To differentiate benign and malignant solitary pulmonary lesions (SPLs) by amide proton transfer-weighted imaging (APTWI), mono-exponential model DWI (MEM-DWI), stretched exponential model DWI (SEM-DWI), and F-FDG PET-derived parameters.
A total of 120 SPLs patients underwent chest F-FDG PET/MRI were enrolled, including 84 in the training set (28 benign and 56 malignant) and 36 in the test set (13 benign and 23 malignant). MTRasym(3.5 ppm), ADC, DDC, α, SUV, MTV, and TLG were compared. The area under receiver-operator characteristic curve (AUC) was used to assess diagnostic efficacy. The Logistic regression analysis was used to identify independent predictors and establish prediction model.
SUV, MTV, TLG, α, and MTRasym(3.5 ppm) values were significantly lower and ADC, DDC values were significantly higher in benign SPLs than malignant SPLs (all P < 0.01).
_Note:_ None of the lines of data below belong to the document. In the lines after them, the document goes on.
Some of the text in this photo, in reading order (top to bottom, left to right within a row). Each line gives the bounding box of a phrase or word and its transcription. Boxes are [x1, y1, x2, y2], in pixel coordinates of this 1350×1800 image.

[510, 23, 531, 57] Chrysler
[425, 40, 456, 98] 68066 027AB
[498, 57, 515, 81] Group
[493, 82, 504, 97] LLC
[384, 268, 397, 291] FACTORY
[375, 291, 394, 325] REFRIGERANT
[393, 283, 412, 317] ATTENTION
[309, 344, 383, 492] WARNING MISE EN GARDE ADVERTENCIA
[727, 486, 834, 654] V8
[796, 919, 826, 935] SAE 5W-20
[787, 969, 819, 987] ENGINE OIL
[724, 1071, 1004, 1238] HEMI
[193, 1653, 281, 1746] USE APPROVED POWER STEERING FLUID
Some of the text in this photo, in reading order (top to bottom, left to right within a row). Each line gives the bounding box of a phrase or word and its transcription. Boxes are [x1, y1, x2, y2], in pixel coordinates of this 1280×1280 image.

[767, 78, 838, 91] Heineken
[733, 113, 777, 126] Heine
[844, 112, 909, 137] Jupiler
SUV, ADC, and MTRasym(3.5 ppm) were independent predictors. Within the training set, the prediction model based on these independent predictors demonstrated optimal diagnostic efficacy (AUC, 0.976; sensitivity, 94.64%; specificity, 92.86%), surpassing any single parameter with statistical significance. Similarly, within the test set, the prediction model exhibited optimal diagnostic efficacy. The calibration curves and DCA revealed that the prediction model not only had good consistency but was also able to provide a significant benefit to the related patients, both in the training and test sets.
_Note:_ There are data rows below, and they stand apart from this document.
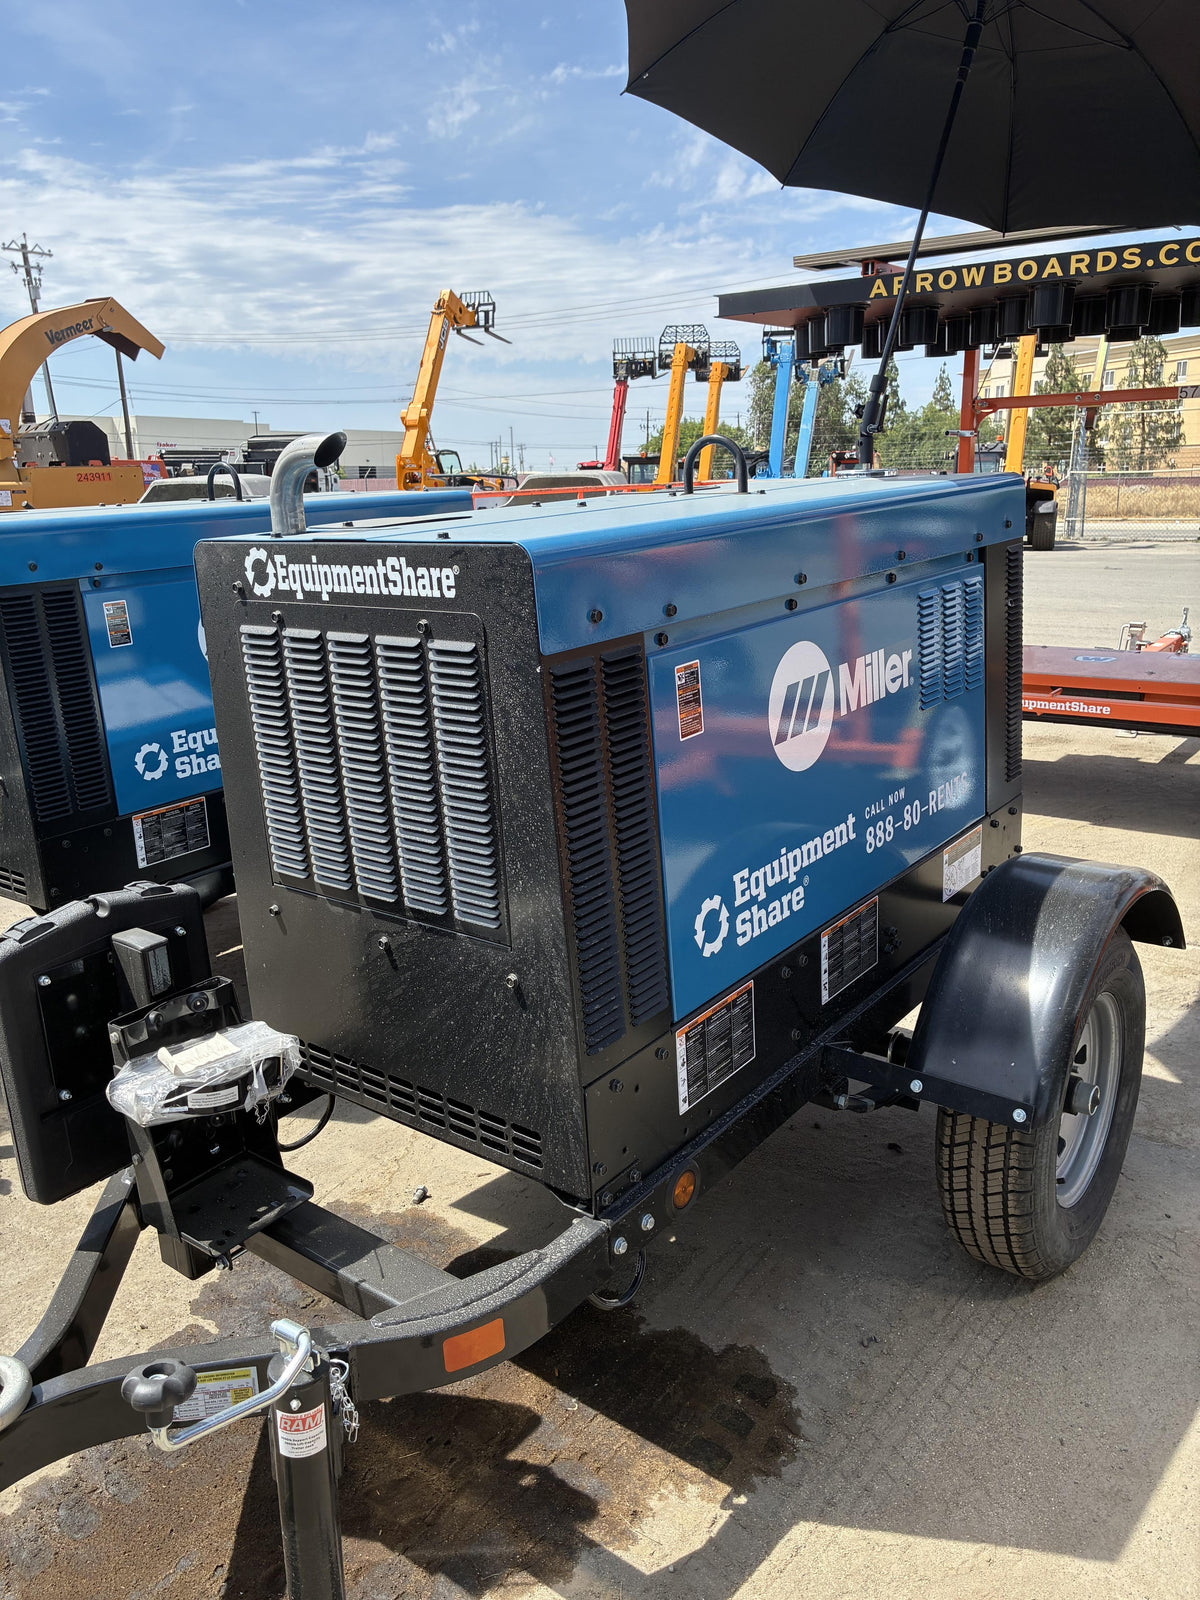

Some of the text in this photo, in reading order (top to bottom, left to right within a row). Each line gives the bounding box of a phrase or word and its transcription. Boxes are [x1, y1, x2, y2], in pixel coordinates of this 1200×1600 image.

[44, 317, 94, 345] Vermeer
[439, 316, 449, 350] JCB
[77, 472, 112, 482] 243911
[838, 648, 912, 717] Miller
[864, 786, 906, 819] CALL NOW
[865, 771, 969, 854] 888-80-RENTS
[732, 813, 857, 908] Equipment
[280, 1412, 322, 1431] RAM
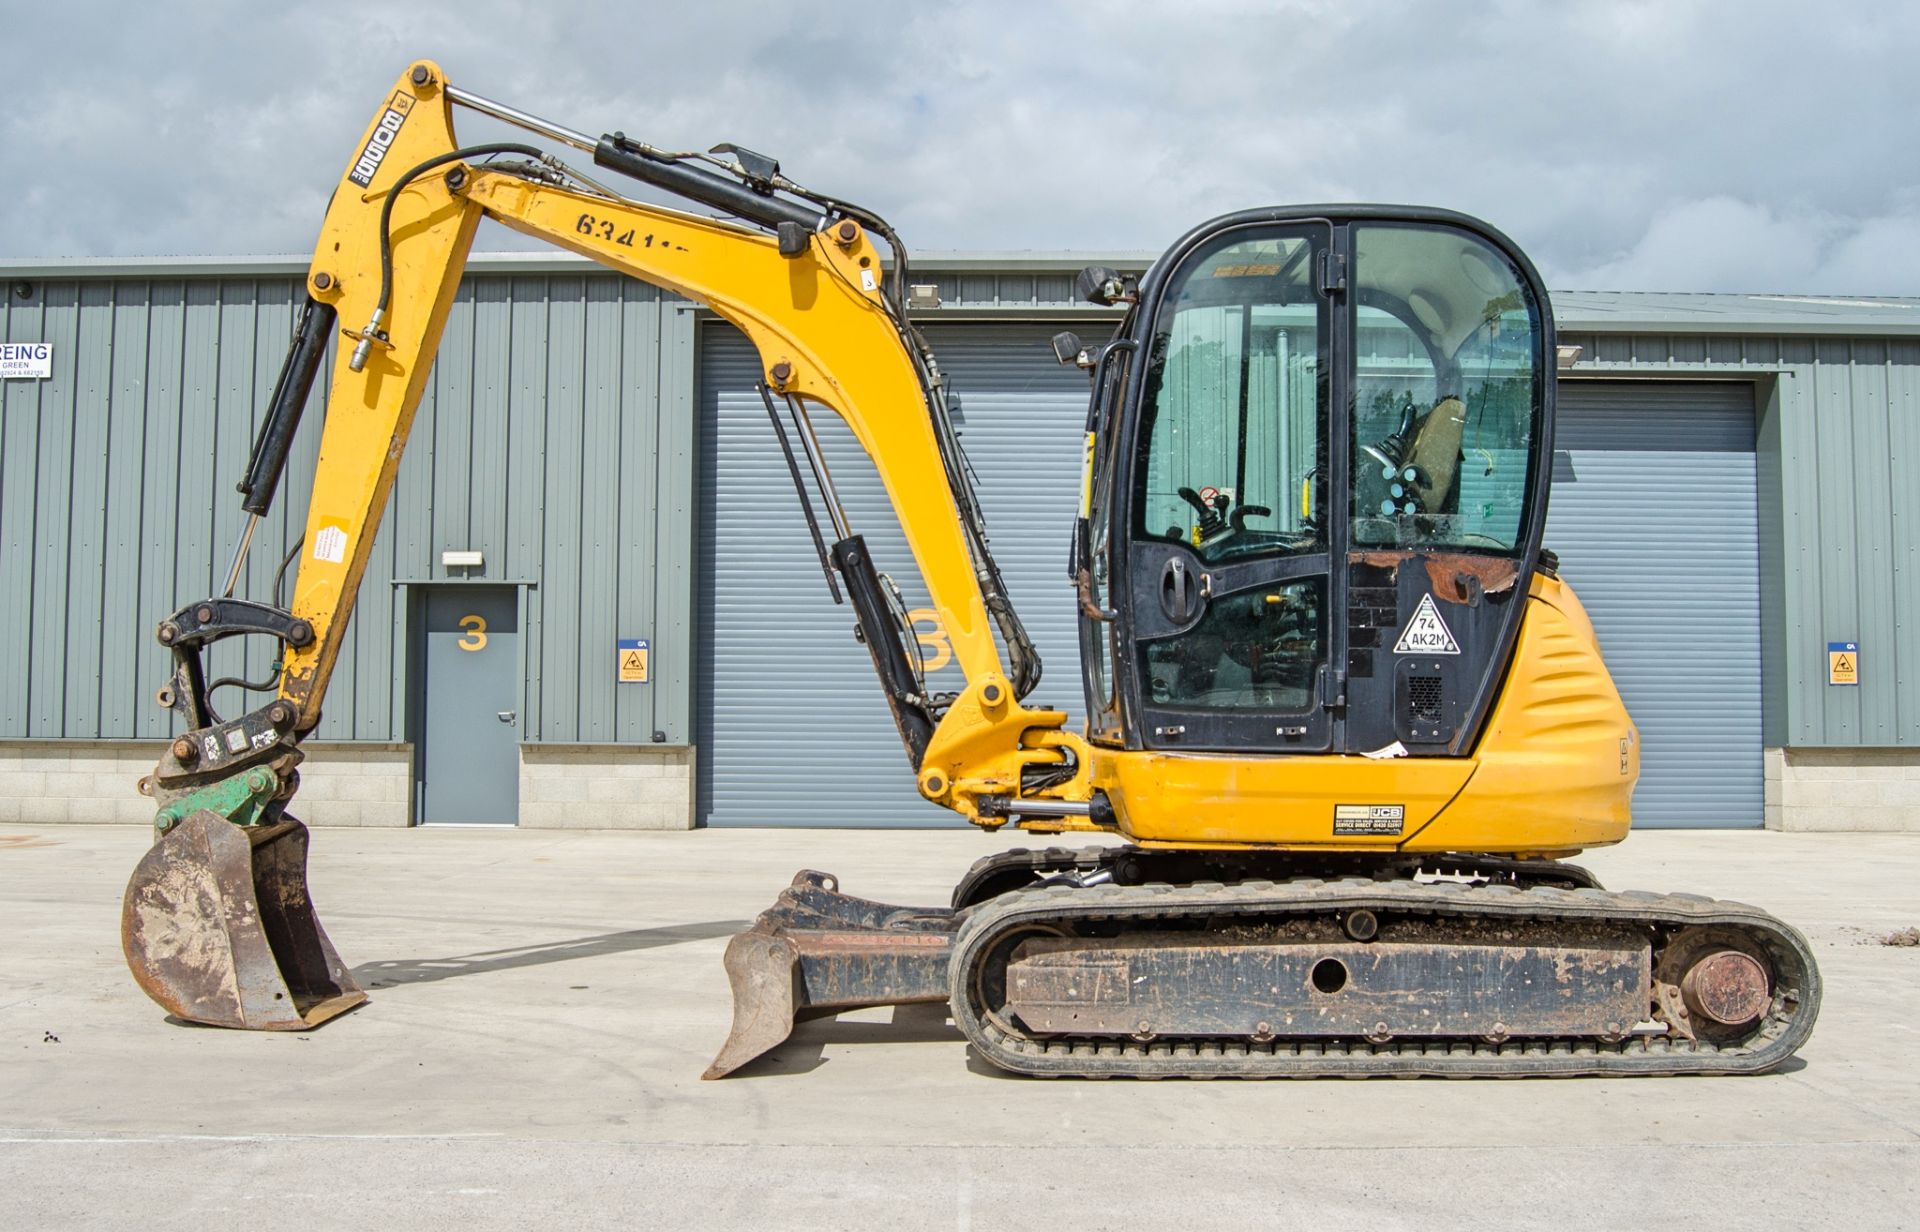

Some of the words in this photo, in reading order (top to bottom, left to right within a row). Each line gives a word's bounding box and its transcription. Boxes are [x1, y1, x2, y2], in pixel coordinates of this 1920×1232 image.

[355, 108, 404, 177] 8055
[0, 345, 47, 360] EING
[1420, 618, 1435, 630] 74
[458, 615, 487, 651] 3
[904, 608, 951, 672] 3
[1412, 633, 1445, 646] AK2M
[1372, 808, 1401, 817] JCB
The SUV, ADC, and MTRasym(3.5 ppm) were independent predictors for differentiation of benign and malignant SPLs, and the prediction model based on them had an optimal diagnostic efficacy.
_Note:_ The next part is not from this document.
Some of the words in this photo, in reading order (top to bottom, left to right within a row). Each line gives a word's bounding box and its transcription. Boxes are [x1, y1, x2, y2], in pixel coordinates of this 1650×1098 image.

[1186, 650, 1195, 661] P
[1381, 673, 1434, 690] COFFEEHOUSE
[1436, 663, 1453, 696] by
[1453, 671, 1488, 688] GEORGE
通过酰胺质子转移加权成像(APTWI)、单指数模型弥散加权成像(MEM-DWI)、拉伸指数模型弥散加权成像(SEM-DWI)和 F-FDG PET 衍生参数区分良性和恶性孤立性肺病变(SPL)。
共纳入 120 例接受胸部 F-FDG PET/MRI 的 SPL 患者,包括训练集 84 例(28 例良性,56 例恶性)和测试集 36 例(13 例良性,23 例恶性)。比较 MTRasym(3.5 ppm)、ADC、DDC、α、SUV、MTV 和 TLG。采用受试者工作特征曲线(ROC)下面积(AUC)评估诊断效能。采用 Logistic 回归分析识别独立预测因子并建立预测模型。
良性 SPL 的 SUV、MTV、TLG、α 和 MTRasym(3.5 ppm)值显著低于恶性 SPL,ADC、DDC 值显著高于恶性 SPL(均 P < 0.01)。SUV、ADC 和 MTRasym(3.5 ppm)是独立的预测因子。在训练集中,基于这些独立预测因子的预测模型显示出最佳的诊断效能(AUC:0.976;敏感性:94.64%;特异性:92.86%),具有统计学意义,优于任何单一参数。同样,在测试集中,预测模型也显示出最佳的诊断效能。校准曲线和 DCA 表明,该预测模型不仅具有良好的一致性,而且在训练集和测试集中均能为相关患者提供显著的获益。
SUV、ADC 和 MTRasym(3.5 ppm)是区分良性和恶性 SPL 的独立预测因子,基于这些因素的预测模型具有最佳的诊断效能。